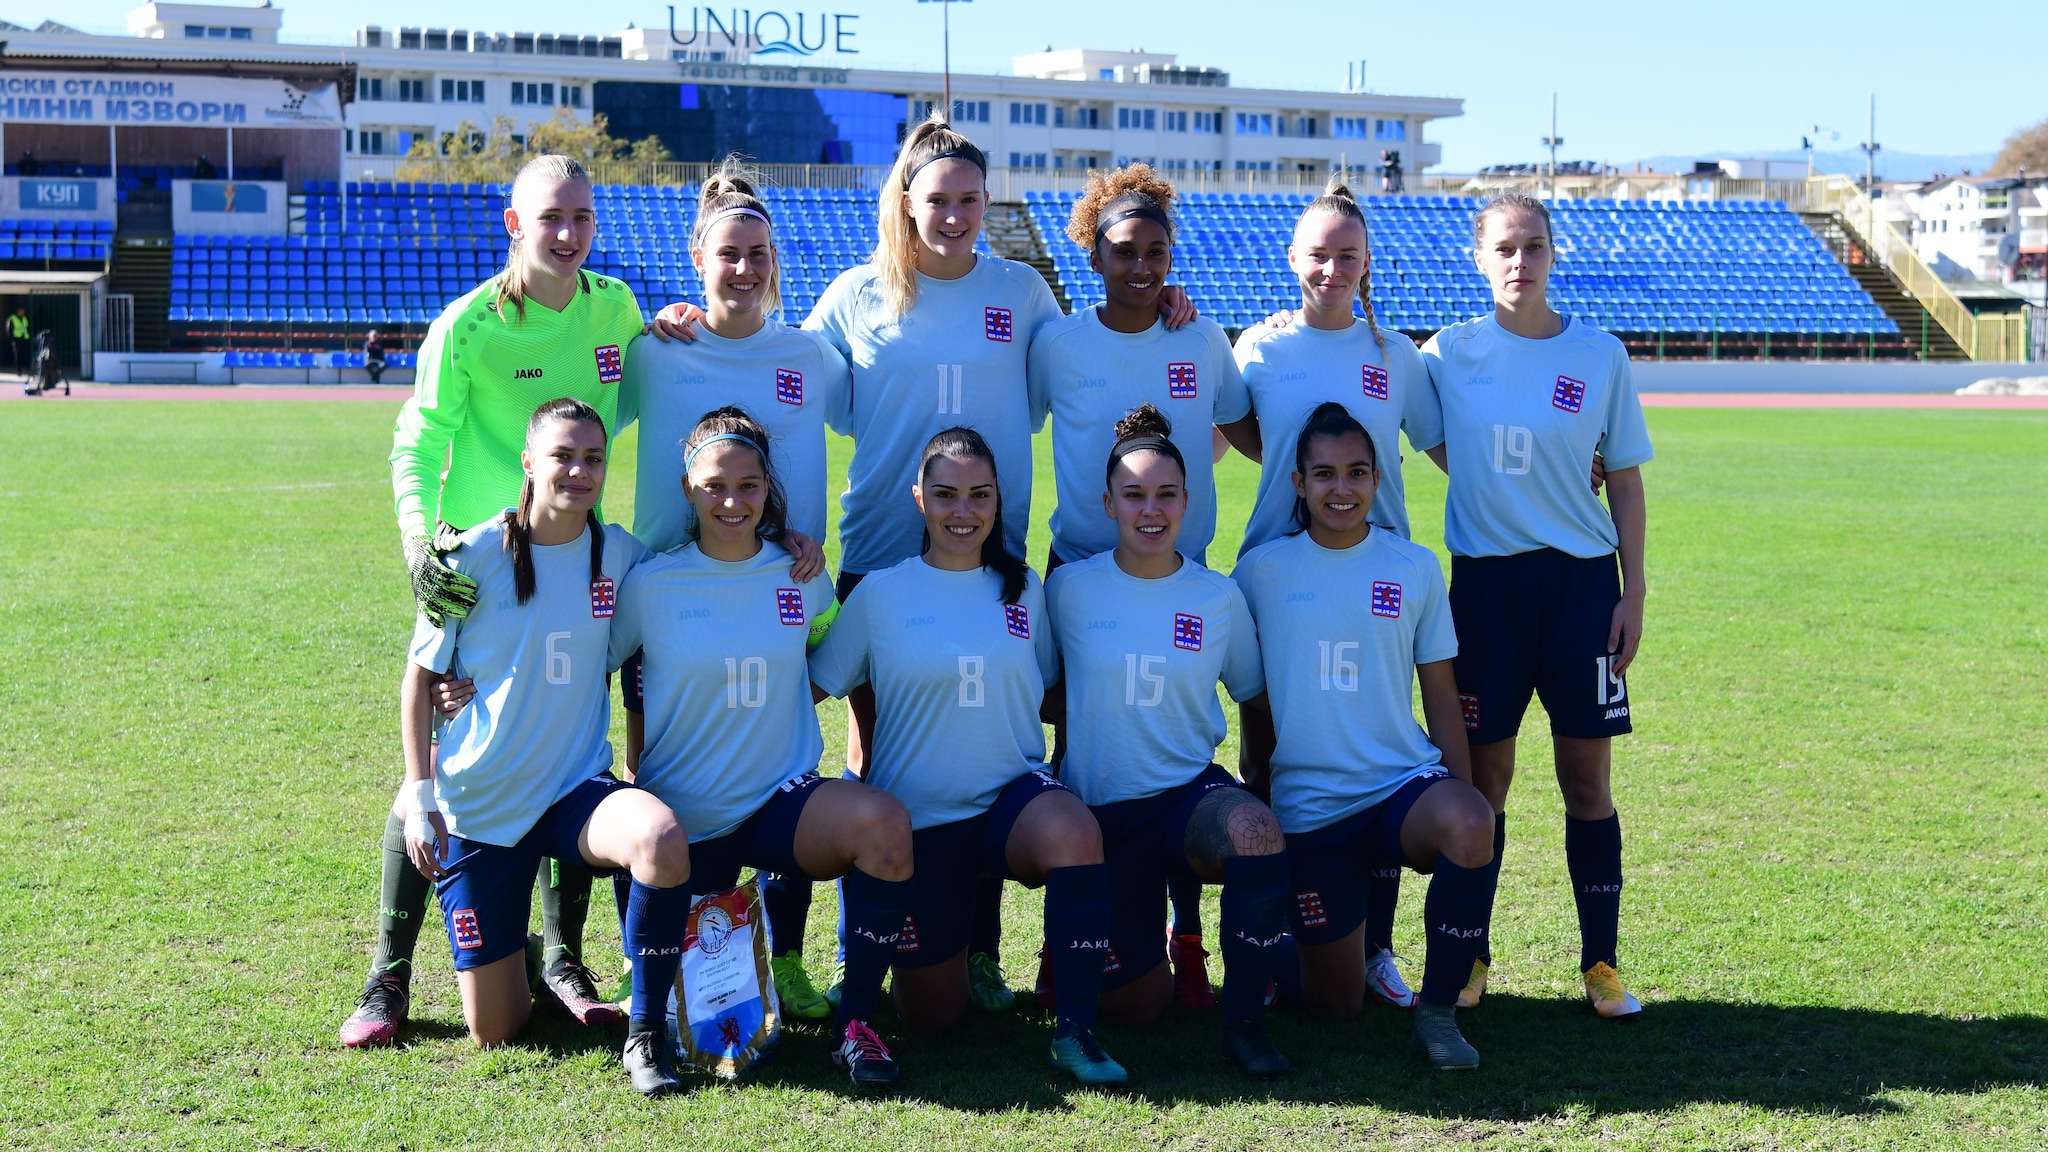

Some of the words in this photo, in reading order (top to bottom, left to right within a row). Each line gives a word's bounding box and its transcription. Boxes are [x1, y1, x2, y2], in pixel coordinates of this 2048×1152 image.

[667, 5, 860, 55] UNIQUE
[680, 64, 749, 79] resort
[759, 66, 799, 82] and
[809, 70, 848, 85] spa
[63, 79, 174, 97] СТАДИОН
[105, 100, 247, 123] ИЗВОРИ
[37, 184, 80, 202] КУП
[513, 368, 543, 379] JAKO
[673, 375, 705, 385] JAKO
[1464, 376, 1494, 385] JAKO
[936, 363, 961, 415] 11
[1077, 377, 1104, 389] JAKO
[1493, 423, 1533, 475] 19
[1285, 592, 1314, 602] JAKO
[679, 607, 711, 620] JAKO
[904, 616, 935, 629] JAKO
[1088, 620, 1117, 630] JAKO
[545, 631, 571, 685] 6
[1318, 640, 1359, 692] 16
[725, 656, 768, 709] 10
[958, 655, 985, 708] 8
[1125, 653, 1167, 707] 15
[1604, 706, 1629, 720] JAKO
[1584, 884, 1620, 893] JAKO
[853, 926, 899, 945] JAKO
[1236, 931, 1281, 947] JAKO
[1437, 923, 1482, 939] JAKO
[638, 946, 679, 956] JAKO
[1069, 939, 1109, 949] JAKO
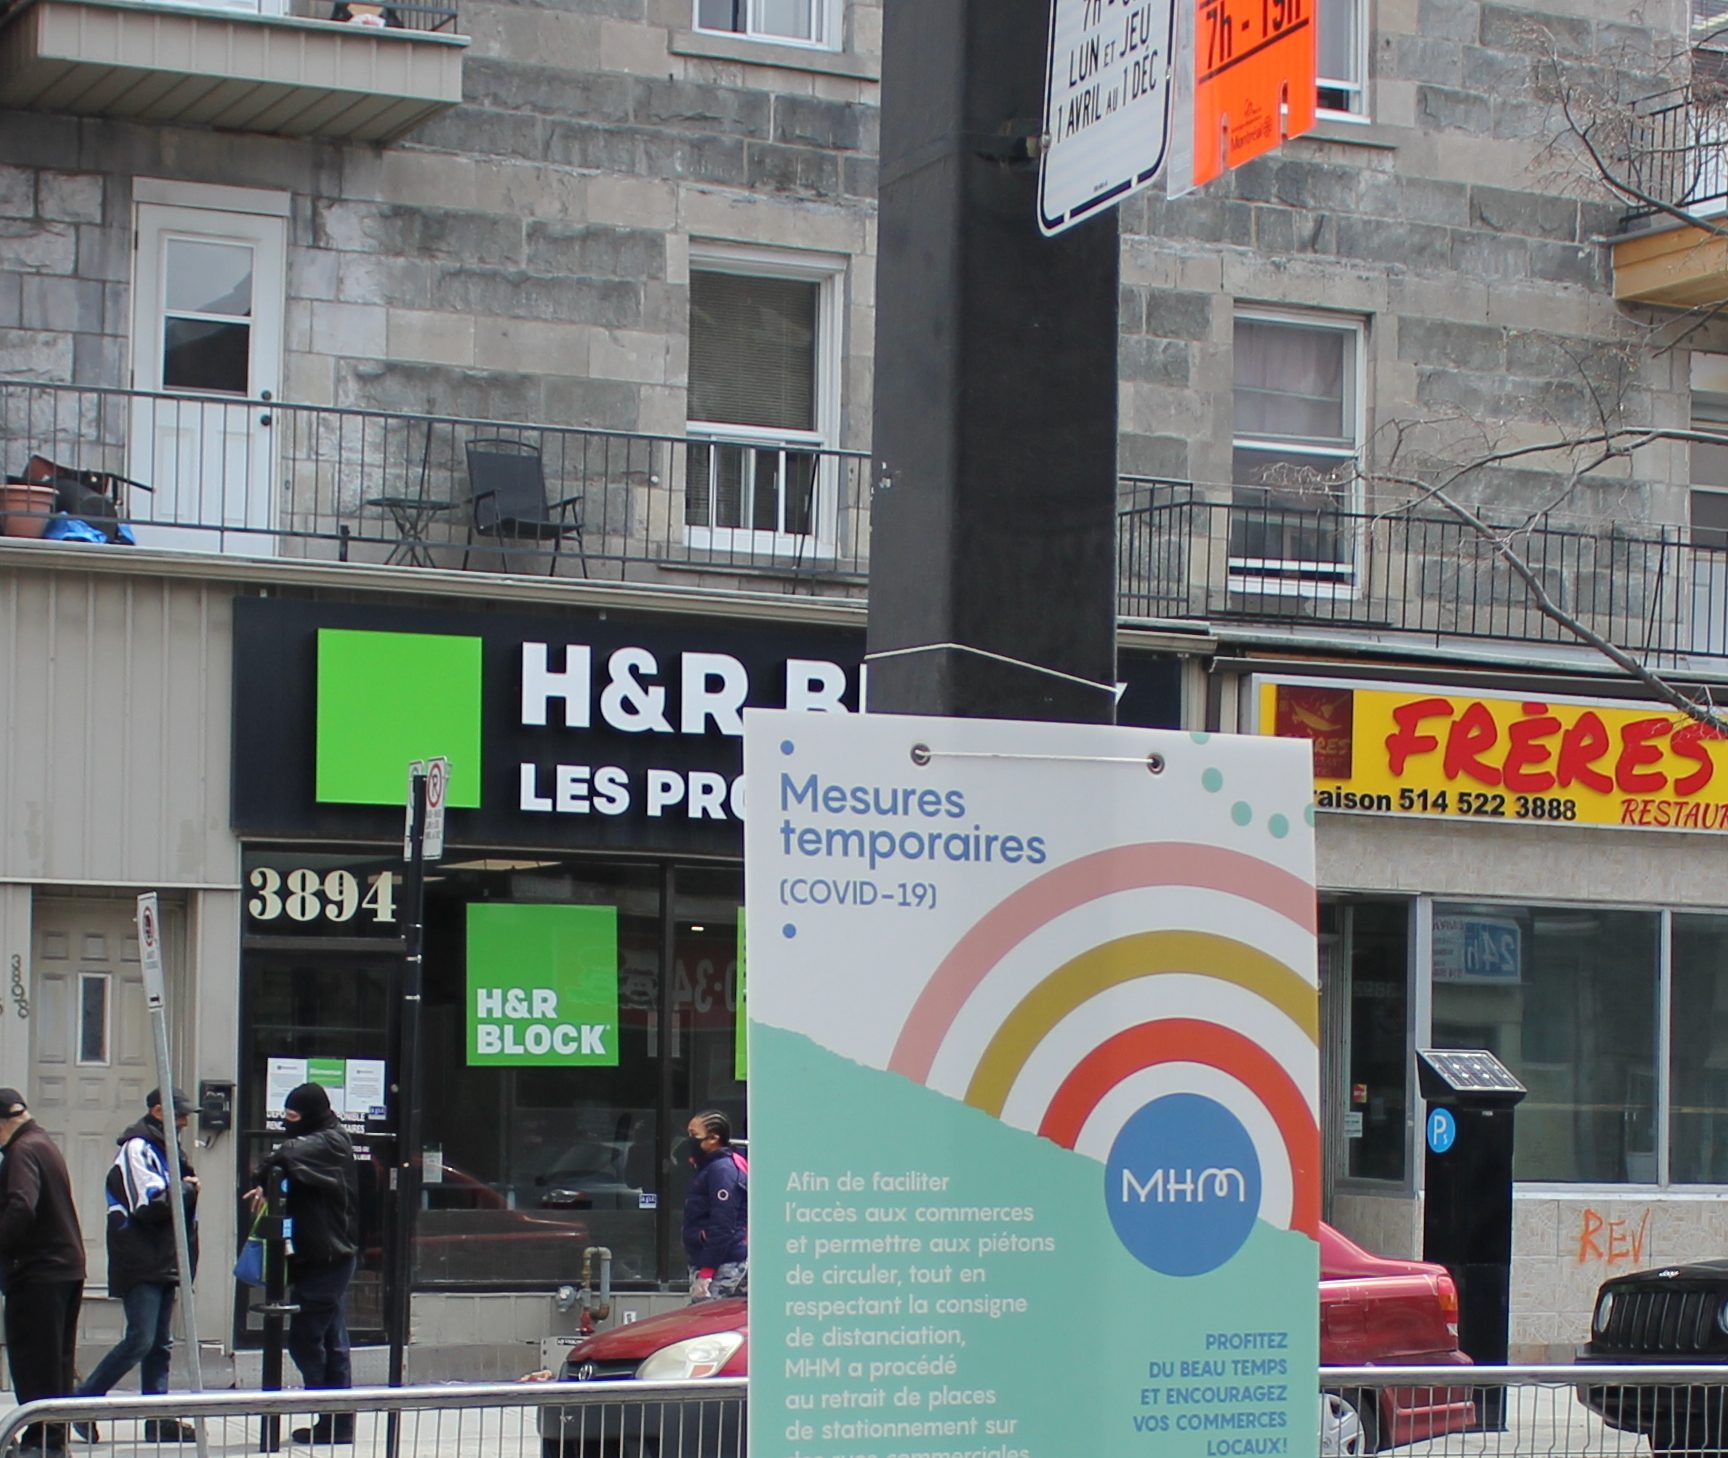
——
Retype all of the listing above exactly, but keep its pictures out.

◆ **Written answer**
Some of the words in this photo, in reading order (top to bottom, left to right within a row). Each line gives a word's bounding box and its transcription. Boxes are [x1, y1, x2, y2], in pixel coordinates of this 2048×1152 image.

[667, 5, 860, 55] UNIQUE
[680, 64, 749, 79] resort
[759, 66, 799, 82] and
[809, 70, 848, 85] spa
[63, 79, 174, 97] СТАДИОН
[105, 100, 247, 123] ИЗВОРИ
[37, 184, 80, 202] КУП
[513, 368, 543, 379] JAKO
[673, 375, 705, 385] JAKO
[1464, 376, 1494, 385] JAKO
[936, 363, 961, 415] 11
[1077, 377, 1104, 389] JAKO
[1493, 423, 1533, 475] 19
[1285, 592, 1314, 602] JAKO
[679, 607, 711, 620] JAKO
[904, 616, 935, 629] JAKO
[1088, 620, 1117, 630] JAKO
[545, 631, 571, 685] 6
[1318, 640, 1359, 692] 16
[725, 656, 768, 709] 10
[958, 655, 985, 708] 8
[1125, 653, 1167, 707] 15
[1604, 706, 1629, 720] JAKO
[1584, 884, 1620, 893] JAKO
[853, 926, 899, 945] JAKO
[1236, 931, 1281, 947] JAKO
[1437, 923, 1482, 939] JAKO
[638, 946, 679, 956] JAKO
[1069, 939, 1109, 949] JAKO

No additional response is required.